Zitronenmelisse

ist eine mehrjährige Staude, die im Lauf der Jahre eine ansehnliche Größe erreicht. Ihre Blätter und Blüten sehen den Brennnesseln ähnlich. Wie der Name schon sagt, riecht sie sehr angenehm frisch nach Minze und Zitrone. Die Blüte zeigt sich ab Juli in weiß bis bläulich. Sie liebt einen geschützten Standort mit durchlässiger Erde. Ansonsten ist sie sehr anspruchslos. Vermehren kann man durch teilen der Wurzel oder Stecklinge. Manchmal erledigt sie das aber von allein, wenn Samen ausfällt. Man muss nur die kleinen Pflänzchen bei Zeiten erkennen.

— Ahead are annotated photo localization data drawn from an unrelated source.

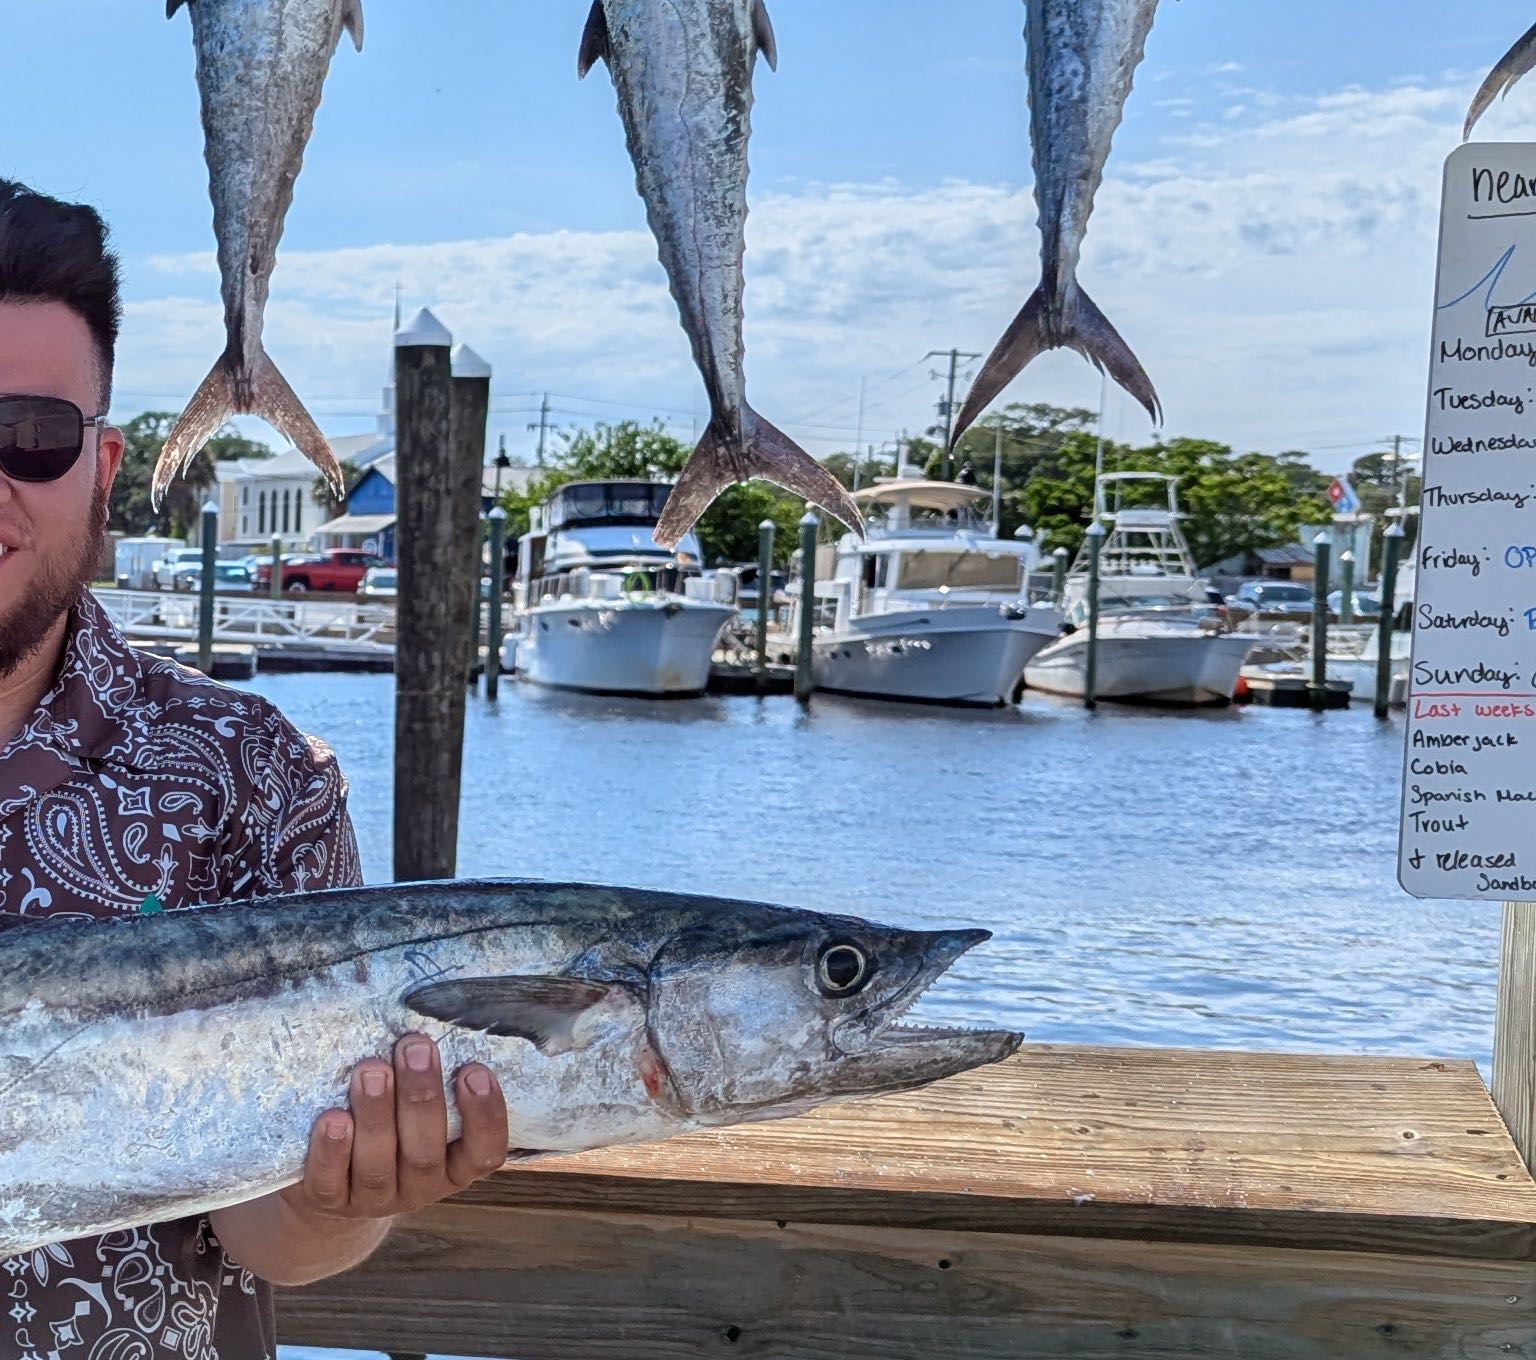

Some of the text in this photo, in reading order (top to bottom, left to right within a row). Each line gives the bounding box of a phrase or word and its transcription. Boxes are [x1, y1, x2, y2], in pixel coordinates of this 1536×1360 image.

[1414, 700, 1462, 720] Last
[1410, 758, 1468, 775] Cobia
[1410, 785, 1487, 807] Spanish
[1408, 811, 1469, 833] Trout
[1435, 849, 1517, 872] released
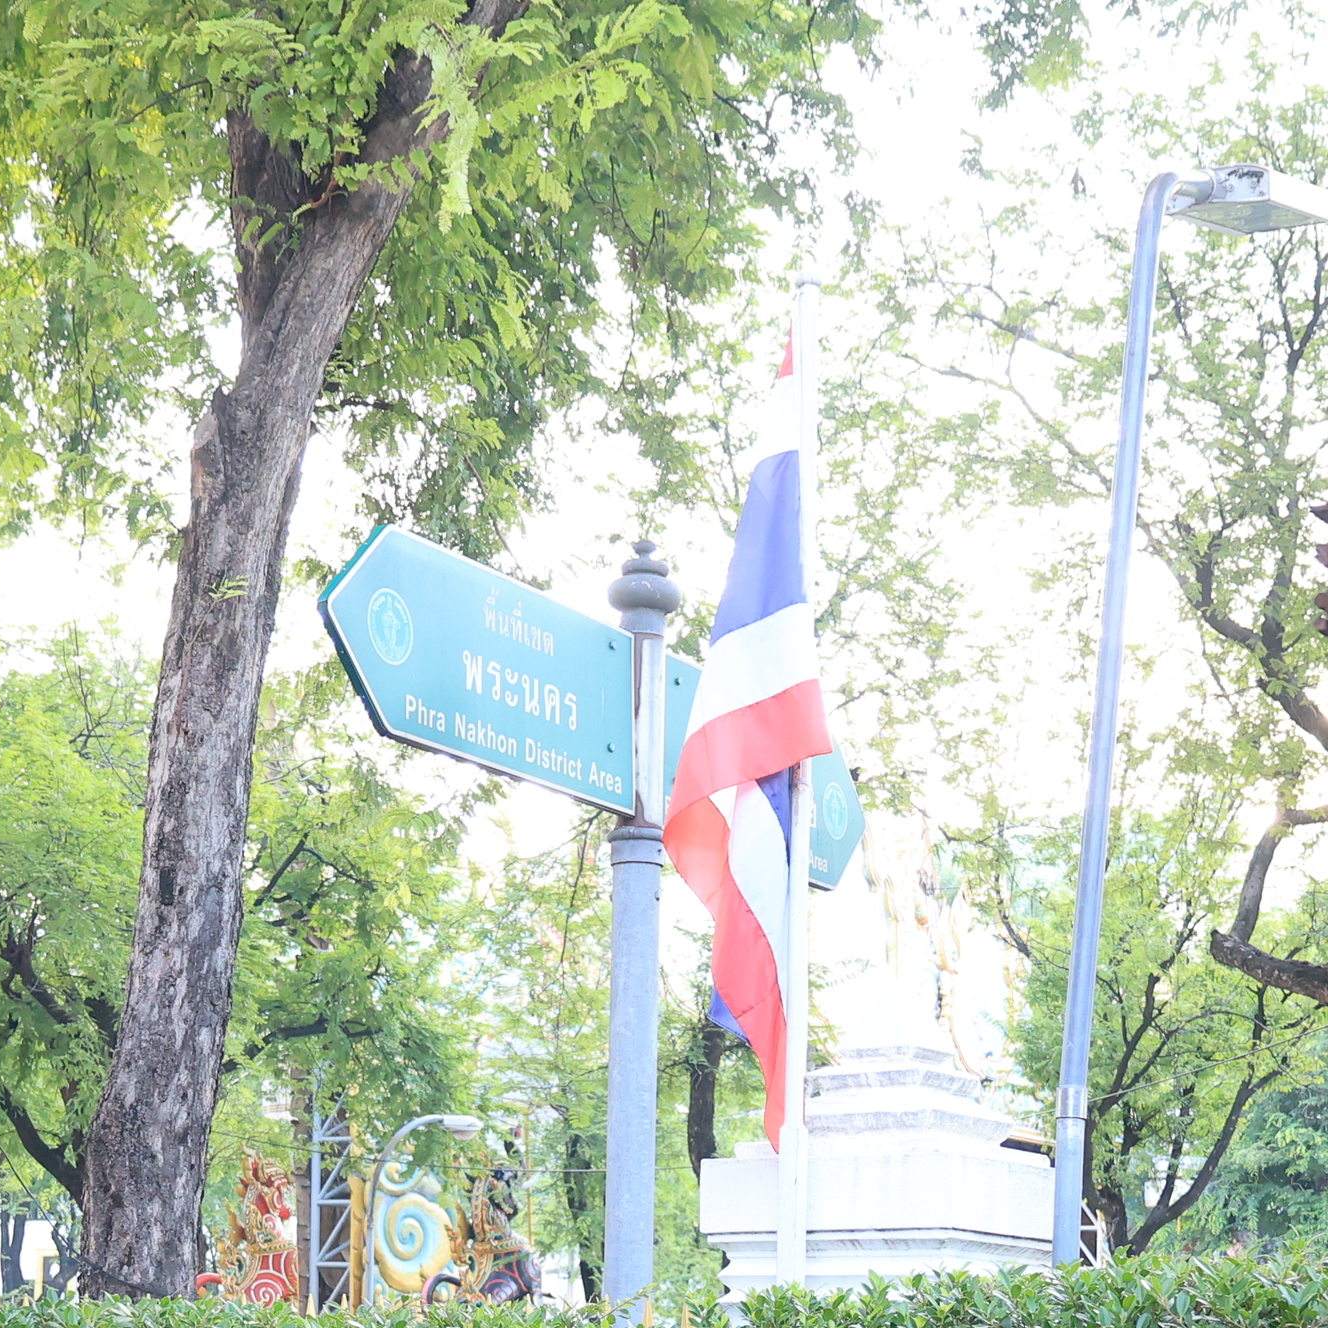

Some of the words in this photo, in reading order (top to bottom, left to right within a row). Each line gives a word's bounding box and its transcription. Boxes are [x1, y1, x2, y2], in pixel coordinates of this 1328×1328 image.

Wenn die Pflanze zu groß wird, dann kann man sie zu jeder Jahreszeit einfach kräftig zurückschneiden, das nimmt sie nicht übel. Die so gewonnenen Blätter an einem schattigen, luftigen Ort trocknen und zu Tee zerreiben.

Küche:
Man verwendet Triebe und Blätter, frisch oder getrocknet. Zitronenmelisse eingnet sich auch gut zum einfrosten, z.B. zum Würzen von Tee, Säften oder Cocktails. Dazu das gehackte Kraut in Eiswürfelformen geben, etwas Wasser dazu, und schon hat man für heisse Tage die leckersten Eiswürfel.
Weiterhin verwendet man sie zu Salaten, Desserts oder Reisgerichten. Die Melisse verleiht allem eine fruchtig - frische Note.


Gesundheit:
Tee und Melissengeist wirken beruhigend, schlaffördernd und krampflösend. Auch anzuwenden bei nervösen Kopfschmerzen und Magen-Darm-Beschwerden.